* Exercise details *
Each entry listed below should be reproduced word for word.

* Dataset *

::::::

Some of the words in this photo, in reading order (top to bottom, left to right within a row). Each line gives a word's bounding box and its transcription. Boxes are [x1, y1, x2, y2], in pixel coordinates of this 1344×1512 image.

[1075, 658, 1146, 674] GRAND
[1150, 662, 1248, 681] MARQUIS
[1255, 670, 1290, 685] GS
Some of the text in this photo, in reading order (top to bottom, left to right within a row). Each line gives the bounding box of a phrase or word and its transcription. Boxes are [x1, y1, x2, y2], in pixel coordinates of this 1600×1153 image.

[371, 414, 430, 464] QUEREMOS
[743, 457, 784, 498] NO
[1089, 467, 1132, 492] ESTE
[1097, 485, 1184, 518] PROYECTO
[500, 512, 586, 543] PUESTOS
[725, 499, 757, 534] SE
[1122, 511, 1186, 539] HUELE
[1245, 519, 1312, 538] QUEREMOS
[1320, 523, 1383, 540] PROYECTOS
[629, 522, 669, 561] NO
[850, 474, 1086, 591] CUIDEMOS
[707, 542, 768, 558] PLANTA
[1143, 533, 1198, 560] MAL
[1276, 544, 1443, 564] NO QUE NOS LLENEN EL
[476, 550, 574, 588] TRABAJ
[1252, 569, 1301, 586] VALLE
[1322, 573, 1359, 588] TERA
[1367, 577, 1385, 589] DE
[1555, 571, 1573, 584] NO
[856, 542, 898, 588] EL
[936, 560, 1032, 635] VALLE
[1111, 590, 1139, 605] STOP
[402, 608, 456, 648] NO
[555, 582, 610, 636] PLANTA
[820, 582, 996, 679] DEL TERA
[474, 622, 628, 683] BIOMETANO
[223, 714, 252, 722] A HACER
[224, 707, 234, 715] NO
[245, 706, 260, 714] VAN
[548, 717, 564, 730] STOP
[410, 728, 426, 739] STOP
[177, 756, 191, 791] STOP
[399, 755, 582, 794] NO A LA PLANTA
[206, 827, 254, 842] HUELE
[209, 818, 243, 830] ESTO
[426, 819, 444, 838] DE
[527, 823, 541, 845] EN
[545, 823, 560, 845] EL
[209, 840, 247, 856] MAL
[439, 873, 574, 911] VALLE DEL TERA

::::::

* Worked solution *
Some of the words in this photo, in reading order (top to bottom, left to right within a row). Each line gives a word's bounding box and its transcription. Boxes are [x1, y1, x2, y2], in pixel coordinates of this 1344×1512 image.

[1075, 658, 1146, 674] GRAND
[1150, 662, 1248, 681] MARQUIS
[1255, 670, 1290, 685] GS
Some of the text in this photo, in reading order (top to bottom, left to right within a row). Each line gives the bounding box of a phrase or word and its transcription. Boxes are [x1, y1, x2, y2], in pixel coordinates of this 1600×1153 image.

[371, 414, 430, 464] QUEREMOS
[743, 457, 784, 498] NO
[1089, 467, 1132, 492] ESTE
[1097, 485, 1184, 518] PROYECTO
[500, 512, 586, 543] PUESTOS
[725, 499, 757, 534] SE
[1122, 511, 1186, 539] HUELE
[1245, 519, 1312, 538] QUEREMOS
[1320, 523, 1383, 540] PROYECTOS
[629, 522, 669, 561] NO
[850, 474, 1086, 591] CUIDEMOS
[707, 542, 768, 558] PLANTA
[1143, 533, 1198, 560] MAL
[1276, 544, 1443, 564] NO QUE NOS LLENEN EL
[476, 550, 574, 588] TRABAJ
[1252, 569, 1301, 586] VALLE
[1322, 573, 1359, 588] TERA
[1367, 577, 1385, 589] DE
[1555, 571, 1573, 584] NO
[856, 542, 898, 588] EL
[936, 560, 1032, 635] VALLE
[1111, 590, 1139, 605] STOP
[402, 608, 456, 648] NO
[555, 582, 610, 636] PLANTA
[820, 582, 996, 679] DEL TERA
[474, 622, 628, 683] BIOMETANO
[223, 714, 252, 722] A HACER
[224, 707, 234, 715] NO
[245, 706, 260, 714] VAN
[548, 717, 564, 730] STOP
[410, 728, 426, 739] STOP
[177, 756, 191, 791] STOP
[399, 755, 582, 794] NO A LA PLANTA
[206, 827, 254, 842] HUELE
[209, 818, 243, 830] ESTO
[426, 819, 444, 838] DE
[527, 823, 541, 845] EN
[545, 823, 560, 845] EL
[209, 840, 247, 856] MAL
[439, 873, 574, 911] VALLE DEL TERA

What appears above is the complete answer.